» YOUR ASSIGNMENT: Set the data below down again, exactly, with every picture left out.
─── RAW DATA
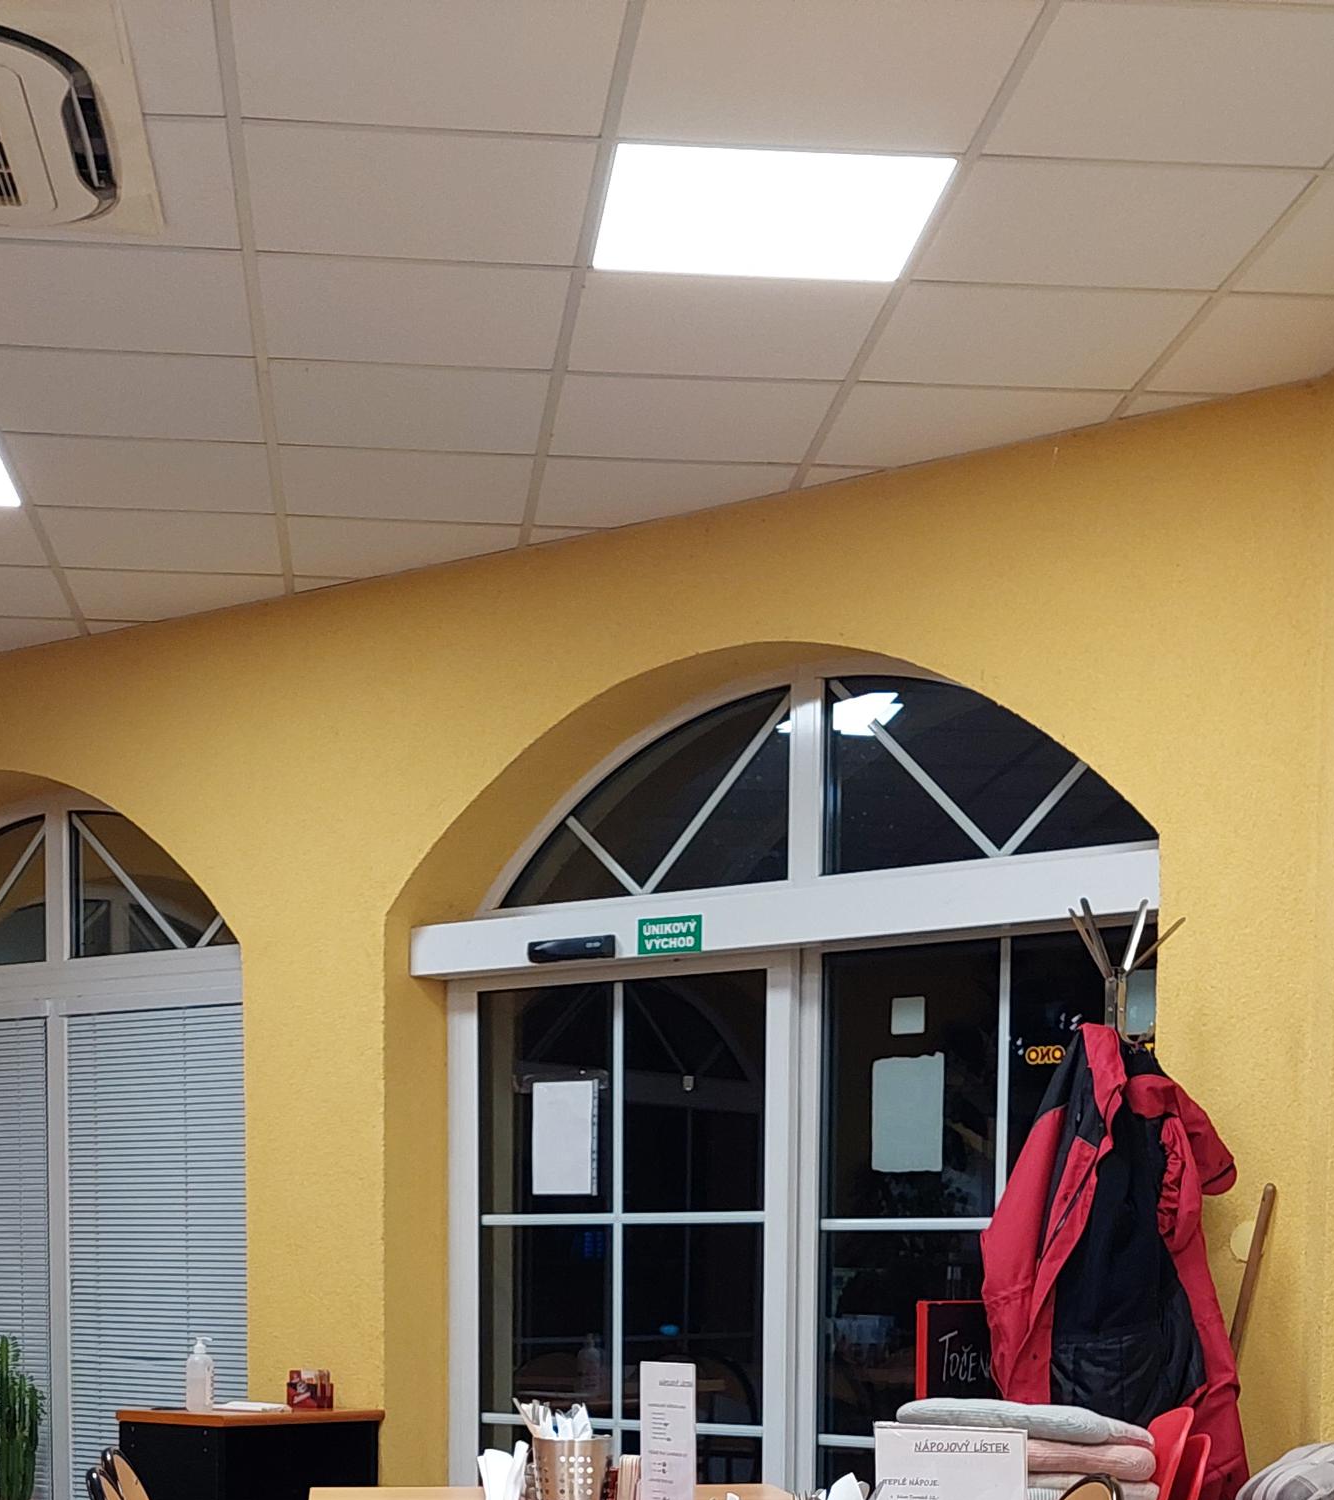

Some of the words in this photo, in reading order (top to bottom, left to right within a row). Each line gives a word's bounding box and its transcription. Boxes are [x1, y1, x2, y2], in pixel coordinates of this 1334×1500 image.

[642, 919, 697, 936] ÚNIKOVÝ
[644, 936, 695, 950] VÝCHOD
[938, 1330, 991, 1382] TOČEN
[914, 1439, 970, 1453] NÁPOJOVÝ
[973, 1439, 1010, 1453] LÍSTEK
──────
» FINISHED TASK:
Some of the words in this photo, in reading order (top to bottom, left to right within a row). Each line gives a word's bounding box and its transcription. Boxes are [x1, y1, x2, y2], in pixel coordinates of this 1334×1500 image.

[642, 919, 697, 936] ÚNIKOVÝ
[644, 936, 695, 950] VÝCHOD
[938, 1330, 991, 1382] TOČEN
[914, 1439, 970, 1453] NÁPOJOVÝ
[973, 1439, 1010, 1453] LÍSTEK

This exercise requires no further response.